The solution that you are going to spend more time with your teen is wrong!! You do not want to be your teen’s friend. You need to be your teen’s parent. Your teen has enough friends. Your teen doesn’t need another friend, they need a parent. They need someone to educate them about life and how to make decisions.
Remember, as a parent it is your responsibility to help guide your teen to be successful as an adult and in life as a productive member of society. This means at times you will have to set firm boundaries, educate them about life and sometimes tell your teen no. It is important to remember being a parent is not a popularity contest. You must set appropriate limits for your teen which means at times they will be mad at you. It is okay if they are mad at you. This is part of the process a teenager experiences as they are maturing into an adult.
Despite what they say, most teens want and like boundaries. At times they can be very helpful to your teen. They may be faced with a great deal of peer pressure to do something that they do not want to do and they can use you as the excuse why they cannot do it. Some may say this is immature because the teen is using their parent as an excuse, but we put our teens in a very, very difficult world so I think they are allowed some extra help now and then.
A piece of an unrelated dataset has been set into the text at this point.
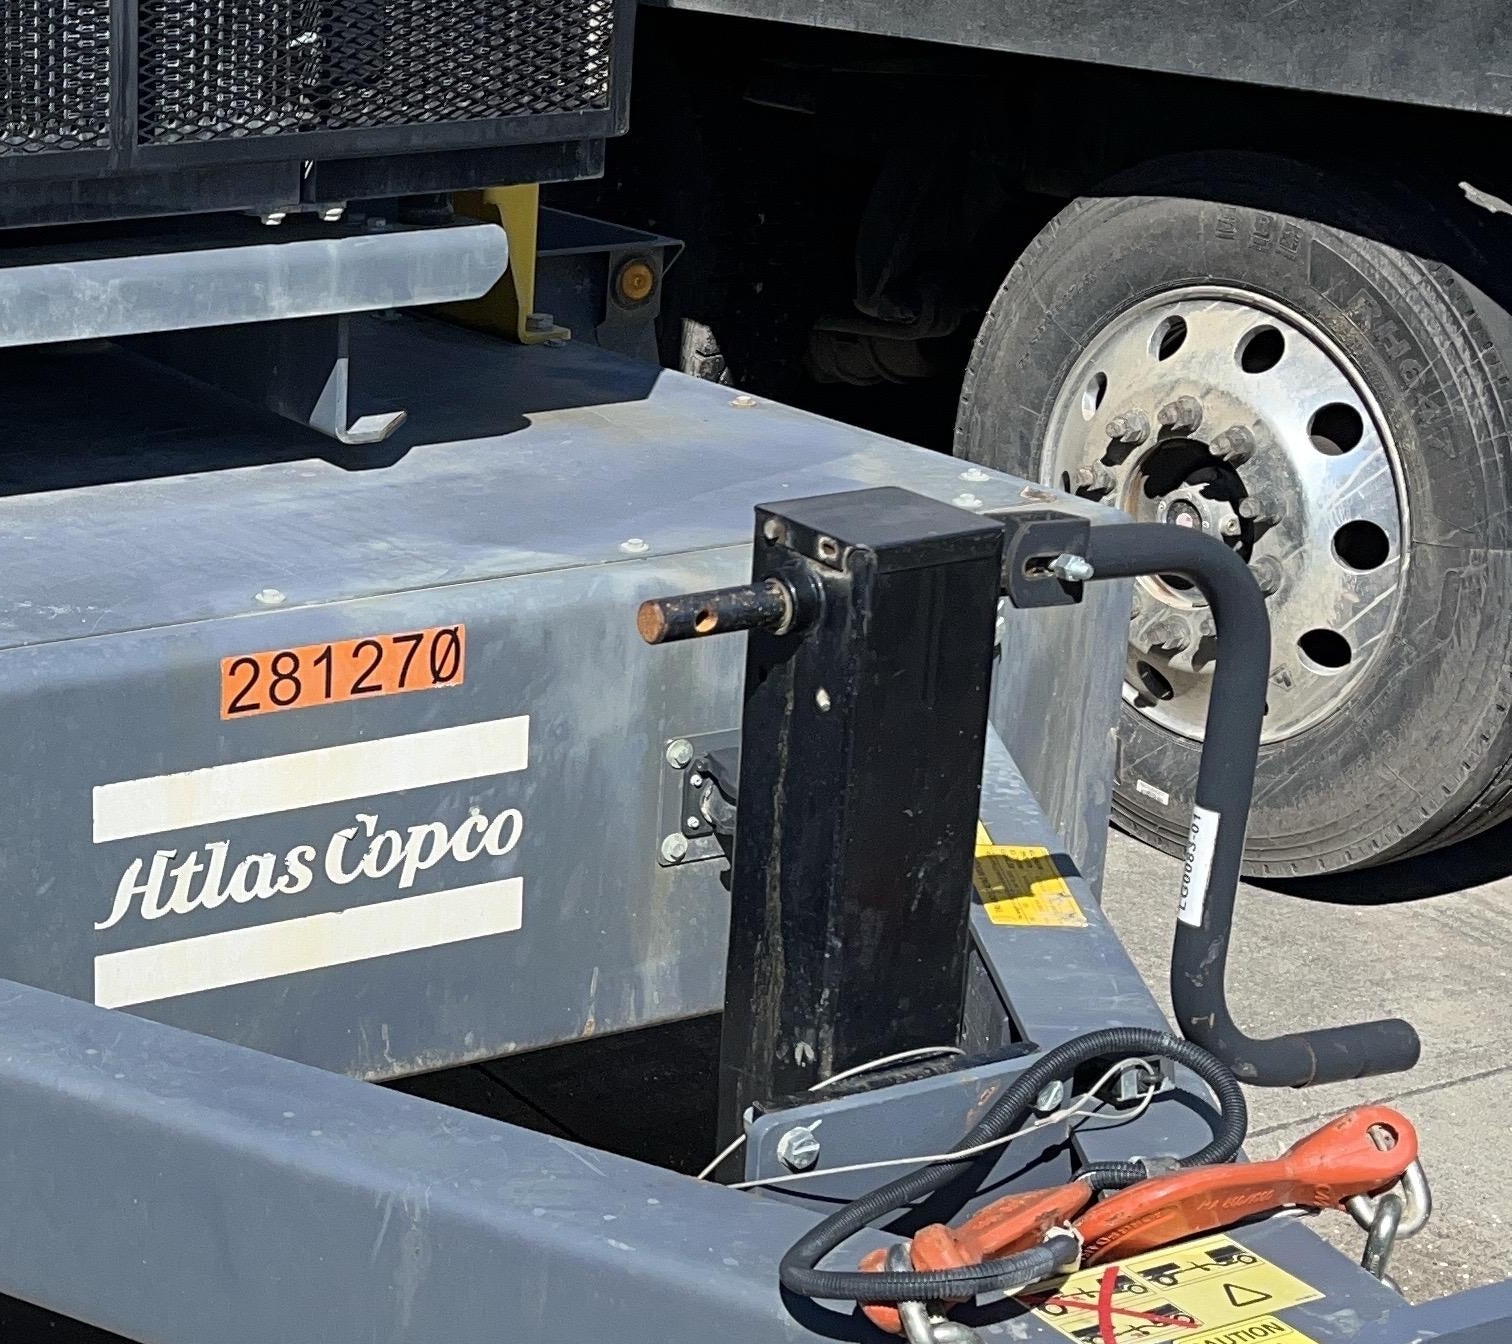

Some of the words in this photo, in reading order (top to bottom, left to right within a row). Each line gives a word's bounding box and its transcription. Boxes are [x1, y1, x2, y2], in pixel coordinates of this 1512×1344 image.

[226, 625, 462, 715] 281270
[94, 839, 315, 931] Atlas
[324, 808, 524, 889] Copco
Another reason why should you not be your teen’s friend because your word and rules will mean nothing to your teen, if you are their friend. A friend is defined as a close associate. In other words, teenagers see their friends as equals. Now think about what this implies, if you are equals, you are on the same level as your teen. Therefore, they think they know as much as you do and since you are equals they can choose to follow your rules or ignore them as they see fit.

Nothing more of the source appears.